采用6-8周龄C57Bl/6雌性小鼠，以FlgE或固定灭活的绿脓杆菌进行免疫。具体方法为：FlgE组：取2mg/mL的FlgE 50uL即100μg与等量氢氧化铝佐剂混匀，左右足趾皮下注射各25μL，腹股沟皮下注射50μL，共计100μL/只。PAO1组：PAO 1绿脓杆菌菌株常规在液体培养基中扩菌、收菌，以终浓度0.4%的甲醛于37℃孵育24小时灭活，调整菌液浓度约为1×108CFU/mL，100ul/只，免疫方法同FlgE组。第一次免疫2周后，再次免疫。第二次免疫10天后取血清，以ELISA测定其内抗FlgE抗体滴度。ELISA步骤为：首先以1 μg/mL FlgE （溶于CBS缓冲液）包被酶标板， 4℃过夜。弃去包被液，用1%BSA于室温放置2小时封闭其余未结合位点。将抗血清自1:3000浓度开始，以1:3做倍比稀释后，加入板中于室温孵育60分钟，PBST洗板5次后，加入辣根过氧化物酶标记的羊抗鼠二抗，1:3000稀释，37℃孵育45分钟后洗板，加入TMB显色30分钟，终止反应后在450nm处读板。结果可见应用FlgE免疫小鼠后可以诱导高滴度的抗FlgE抗体，而应用灭活的绿脓杆菌全菌仅能诱导较低低度的抗FlgE抗体（图4）。

Claims

1.重组绿脓杆菌鞭毛钩蛋白FlgE的用途，其特征在于：所述的用途为重组绿脓杆菌鞭毛钩蛋白FlgE在制备免疫佐剂或疫苗中的用途。

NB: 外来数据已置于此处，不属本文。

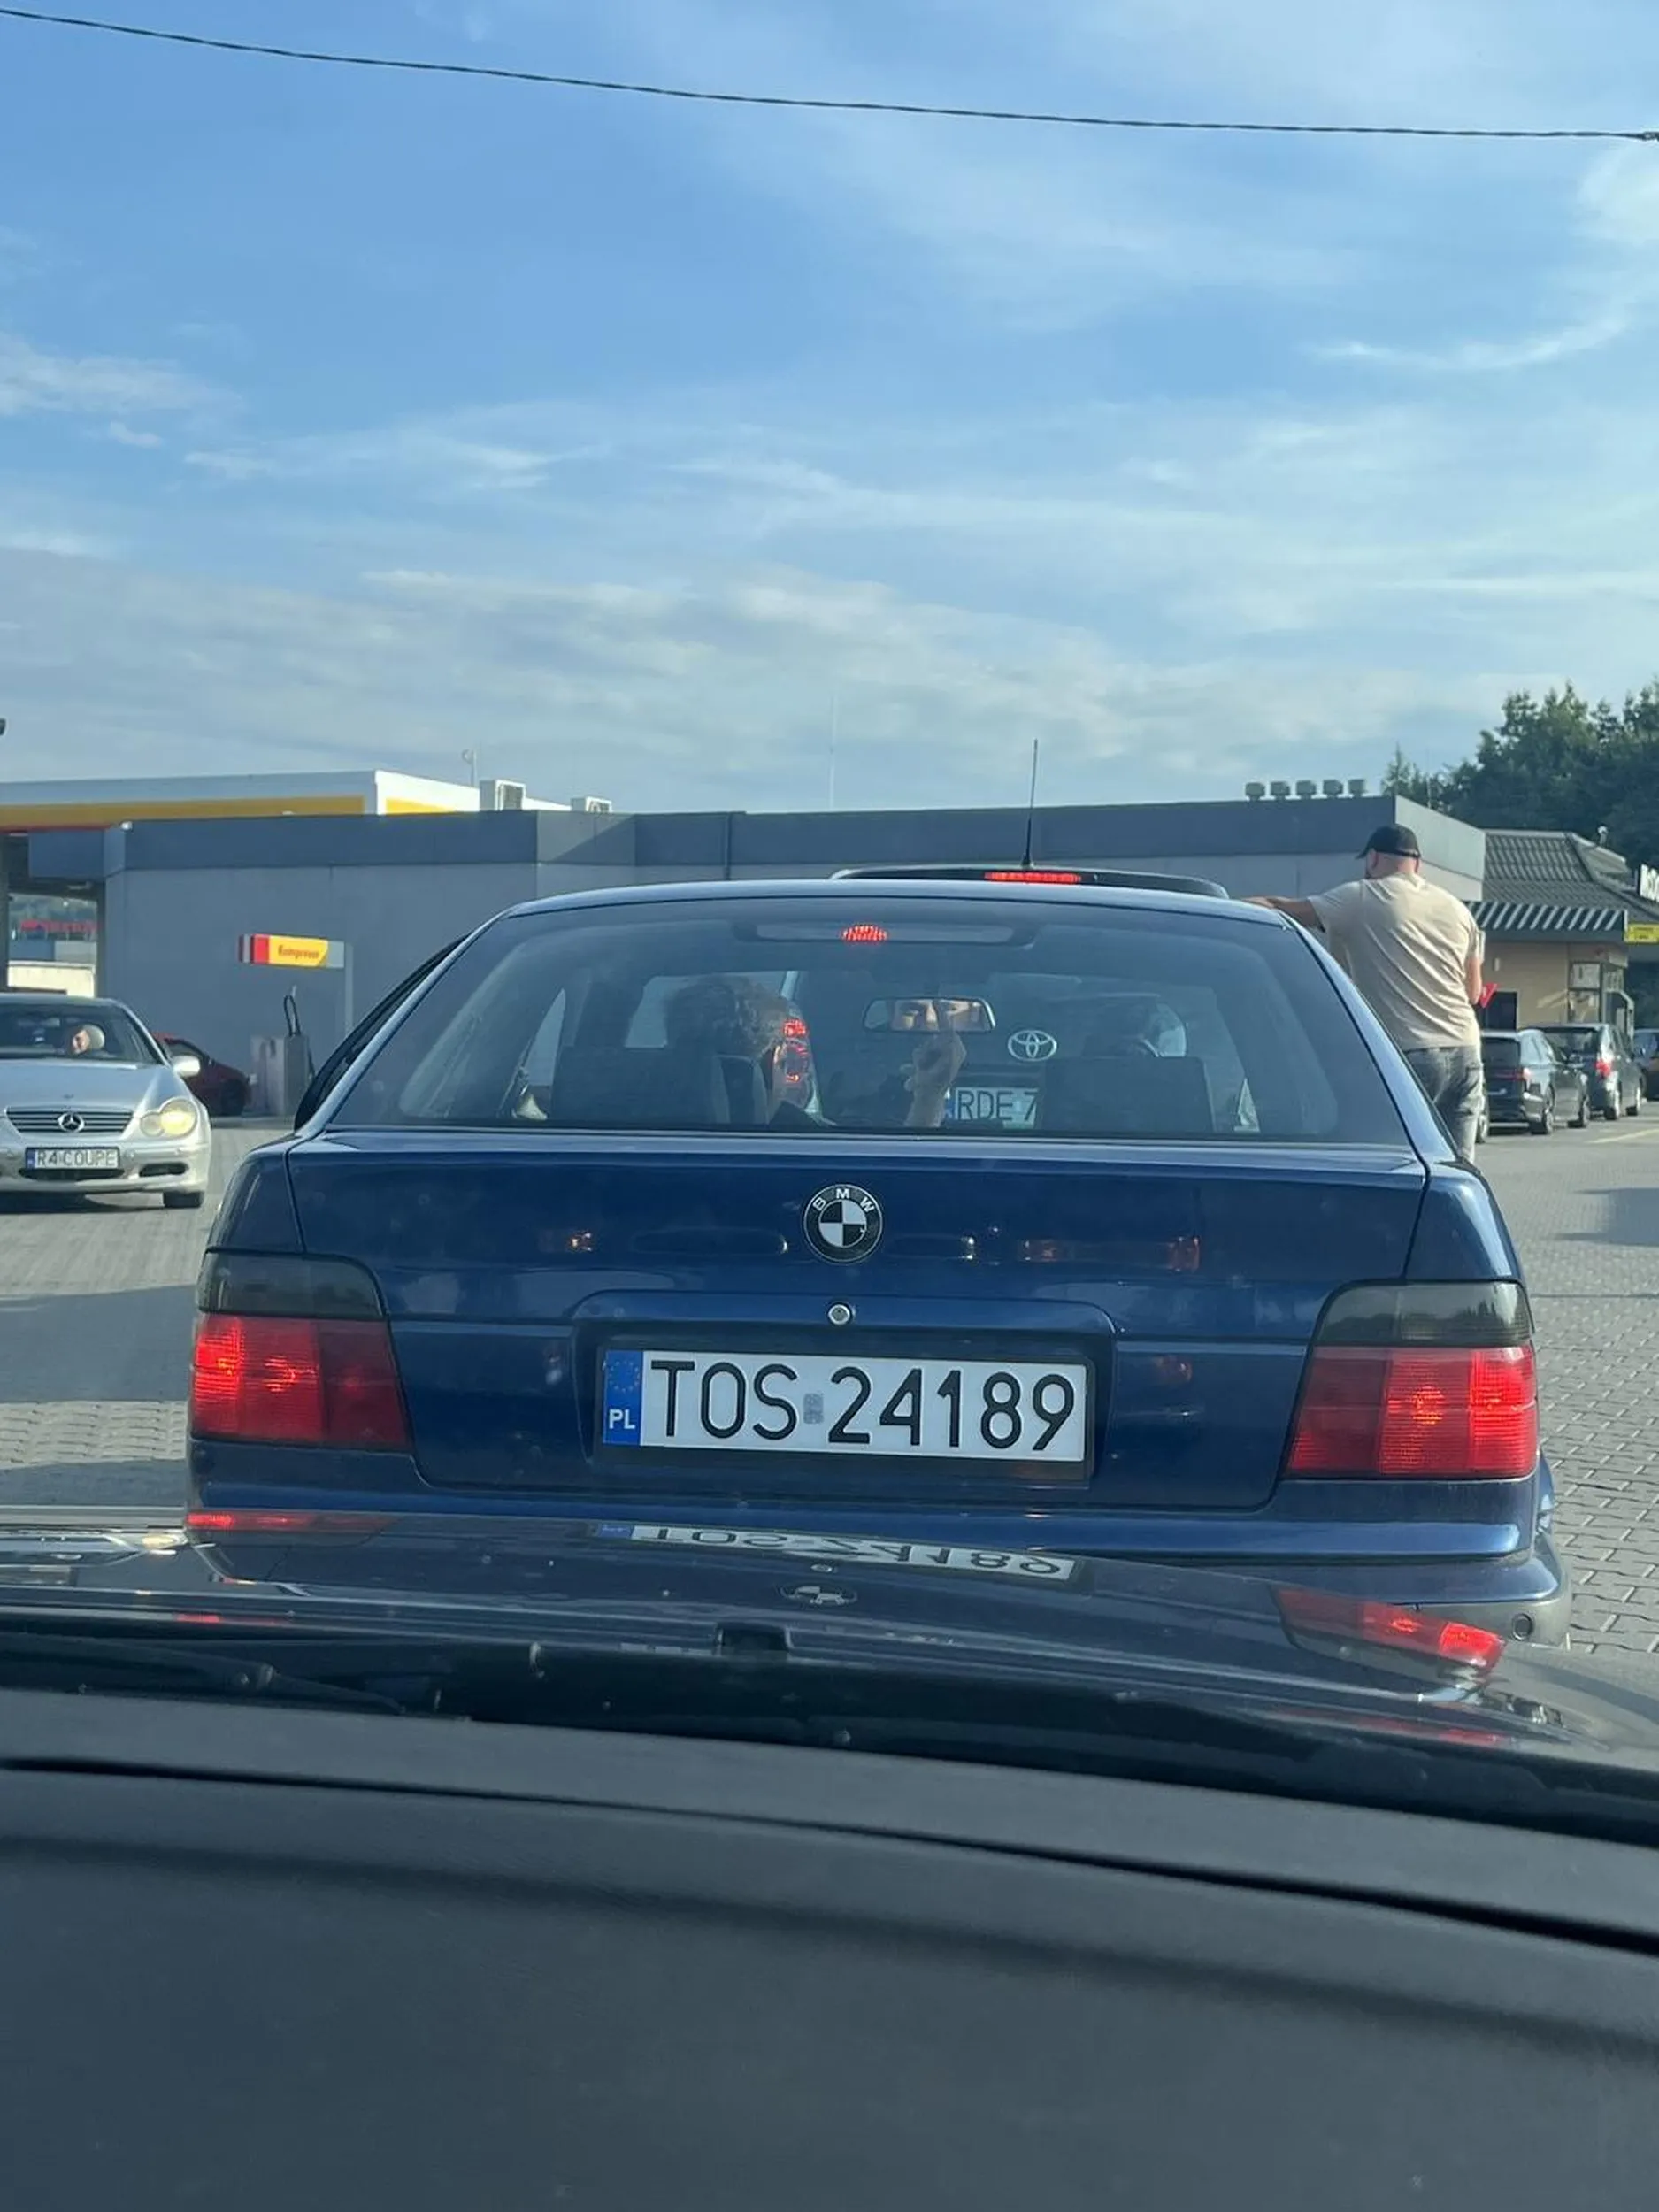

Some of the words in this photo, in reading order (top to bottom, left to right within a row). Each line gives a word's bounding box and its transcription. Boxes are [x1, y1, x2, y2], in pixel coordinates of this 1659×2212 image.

[957, 1090, 1013, 1121] RDE
[63, 1150, 117, 1166] COUPE
[812, 1188, 875, 1213] BMW
[651, 1360, 798, 1440] TOS
[828, 1366, 1075, 1451] 24189
[609, 1409, 636, 1430] PL

2.根据权利要求1所述的重组绿脓杆菌鞭毛钩蛋白FlgE的用途，其特征在于：所述的免疫佐剂为用于预防或治疗肿瘤、感染性疾病的免疫佐剂。

3.根据权利要求1所述的重组绿脓杆菌鞭毛钩蛋白FlgE的用途，其特征在于：所述的疫苗为用于预防肿瘤或感染性疾病的疫苗。

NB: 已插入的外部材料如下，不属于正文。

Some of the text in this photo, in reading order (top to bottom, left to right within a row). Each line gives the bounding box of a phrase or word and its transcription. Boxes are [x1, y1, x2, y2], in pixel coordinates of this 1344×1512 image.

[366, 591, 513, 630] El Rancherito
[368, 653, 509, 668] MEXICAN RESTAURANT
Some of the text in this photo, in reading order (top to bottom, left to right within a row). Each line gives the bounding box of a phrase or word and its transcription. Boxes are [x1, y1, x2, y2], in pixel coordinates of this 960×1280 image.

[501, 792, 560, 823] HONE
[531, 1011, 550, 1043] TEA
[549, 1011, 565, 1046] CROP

4.根据权利要求3所述的重组绿脓杆菌鞭毛钩蛋白FlgE的用途，其特征在于：所述的疫苗为禽类或畜类疫苗。

5.根据权利要求2或3所述的重组绿脓杆菌鞭毛钩蛋白FlgE的用途，其特征在于：所述的感染性疾病包括病毒感染性疾病、细菌感染性疾病或寄生虫感染性疾病。

6.根据权利要求2或3所述的重组绿脓杆菌鞭毛钩蛋白FlgE的用途，其特征在于：所述的感染性疾病包括肺炎、脑膜炎、肠炎、禽流感或艾滋病。

7.根据权利要求2或3所述的重组绿脓杆菌鞭毛钩蛋白FlgE的用途，其特征在于：所述的肿瘤包括基底细胞癌、移行细胞癌、腺癌、平滑肌肉瘤、恶性血管外皮瘤、恶性血管外皮瘤、B细胞性恶性淋巴瘤、T细胞性恶性淋巴瘤或造釉细胞癌。